### AIM OF THE TASK
Apart from the pictures, return every line of the listing exactly.

### RECORDS PROVIDED

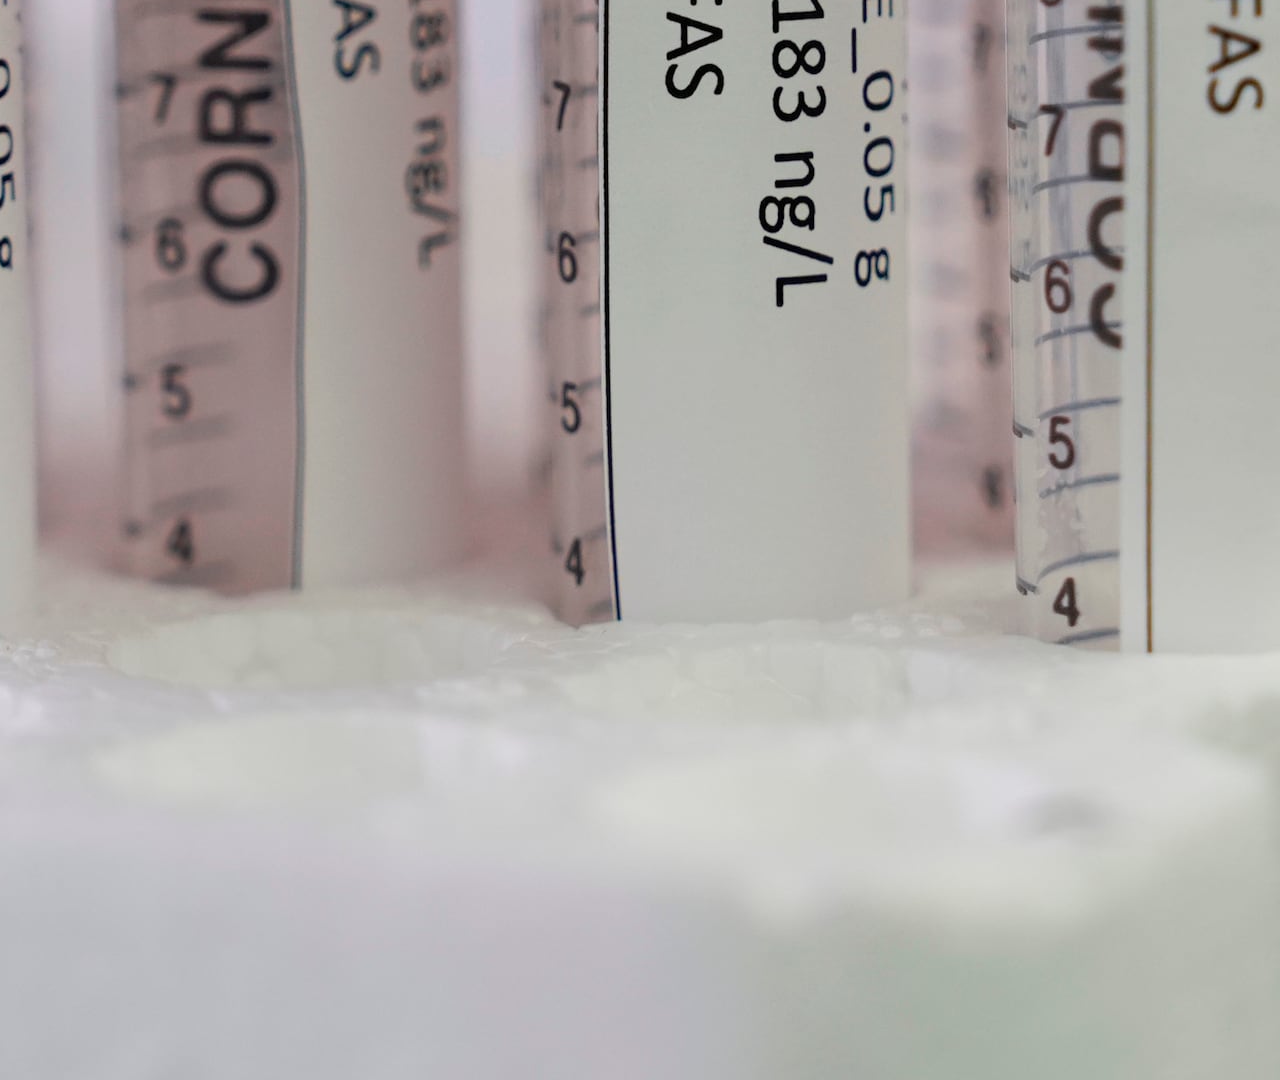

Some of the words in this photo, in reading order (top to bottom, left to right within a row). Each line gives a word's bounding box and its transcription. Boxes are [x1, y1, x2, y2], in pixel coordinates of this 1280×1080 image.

[150, 74, 176, 127] 7
[552, 81, 571, 131] 7
[1039, 104, 1067, 157] 7
[403, 115, 460, 268] ng/L
[154, 218, 186, 273] 6
[759, 151, 834, 308] ng/L
[557, 231, 577, 283] 6
[854, 248, 890, 287] g
[1044, 260, 1072, 314] 6
[161, 364, 191, 418] 5
[561, 382, 581, 433] 5
[1048, 417, 1076, 470] 5
[166, 519, 193, 568] 4
[565, 538, 585, 586] 4
[1053, 577, 1080, 627] 4
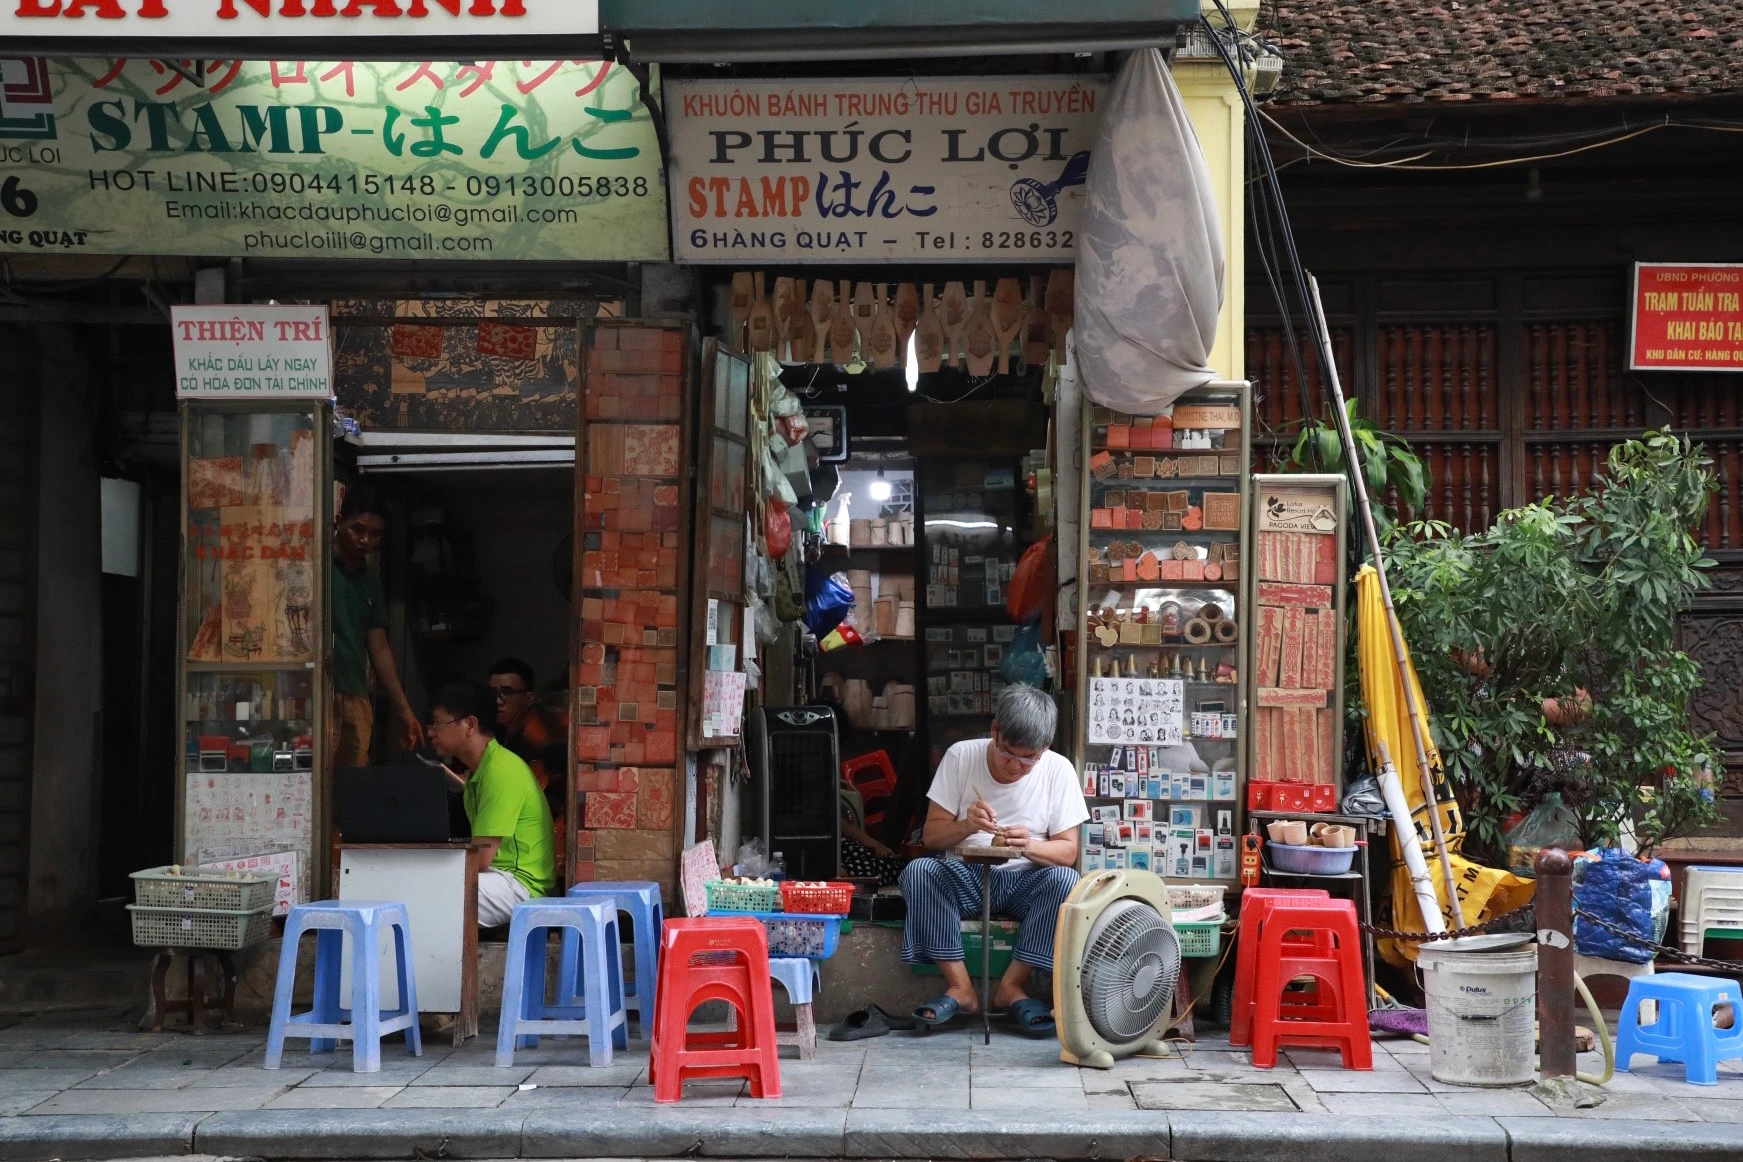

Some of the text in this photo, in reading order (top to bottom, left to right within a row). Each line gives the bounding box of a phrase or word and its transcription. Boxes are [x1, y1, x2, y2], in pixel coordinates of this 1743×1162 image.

[684, 82, 1096, 117] KHUÔN BÁNH TRUNG THU GIA TRUYỀN
[709, 121, 1069, 170] PHÚC LỢI
[29, 147, 61, 164] LOI
[89, 169, 155, 191] HOT
[466, 176, 649, 197] 0913005838
[1, 175, 38, 218] 6
[28, 230, 87, 248] QUẠT
[796, 231, 868, 252] QUẠT
[1656, 272, 1688, 281] UBND
[1644, 292, 1679, 316] TRẠM
[1717, 292, 1740, 312] TRA
[177, 316, 322, 346] THIỆN TRÍ
[1667, 317, 1743, 345] KHAI BÁO TẠ
[1646, 349, 1664, 360] KHU
[1667, 348, 1685, 360] DÂN
[1705, 348, 1730, 361] HÀNG
[284, 358, 317, 371] NGAY
[180, 373, 198, 390] CÓ
[203, 373, 230, 390] HÓA
[288, 373, 327, 390] CHÍNH
[1269, 521, 1298, 529] PAGODA
[1465, 985, 1487, 993] Dulux

### EXERCISE ANSWER
Some of the words in this photo, in reading order (top to bottom, left to right within a row). Each line gives a word's bounding box and its transcription. Boxes are [x1, y1, x2, y2], in pixel coordinates of this 1280×1080 image.

[150, 74, 176, 127] 7
[552, 81, 571, 131] 7
[1039, 104, 1067, 157] 7
[403, 115, 460, 268] ng/L
[154, 218, 186, 273] 6
[759, 151, 834, 308] ng/L
[557, 231, 577, 283] 6
[854, 248, 890, 287] g
[1044, 260, 1072, 314] 6
[161, 364, 191, 418] 5
[561, 382, 581, 433] 5
[1048, 417, 1076, 470] 5
[166, 519, 193, 568] 4
[565, 538, 585, 586] 4
[1053, 577, 1080, 627] 4

Some of the text in this photo, in reading order (top to bottom, left to right within a row). Each line gives the bounding box of a phrase or word and its transcription. Boxes are [x1, y1, x2, y2], in pixel coordinates of this 1743×1162 image.

[684, 82, 1096, 117] KHUÔN BÁNH TRUNG THU GIA TRUYỀN
[709, 121, 1069, 170] PHÚC LỢI
[29, 147, 61, 164] LOI
[89, 169, 155, 191] HOT
[466, 176, 649, 197] 0913005838
[1, 175, 38, 218] 6
[28, 230, 87, 248] QUẠT
[796, 231, 868, 252] QUẠT
[1656, 272, 1688, 281] UBND
[1644, 292, 1679, 316] TRẠM
[1717, 292, 1740, 312] TRA
[177, 316, 322, 346] THIỆN TRÍ
[1667, 317, 1743, 345] KHAI BÁO TẠ
[1646, 349, 1664, 360] KHU
[1667, 348, 1685, 360] DÂN
[1705, 348, 1730, 361] HÀNG
[284, 358, 317, 371] NGAY
[180, 373, 198, 390] CÓ
[203, 373, 230, 390] HÓA
[288, 373, 327, 390] CHÍNH
[1269, 521, 1298, 529] PAGODA
[1465, 985, 1487, 993] Dulux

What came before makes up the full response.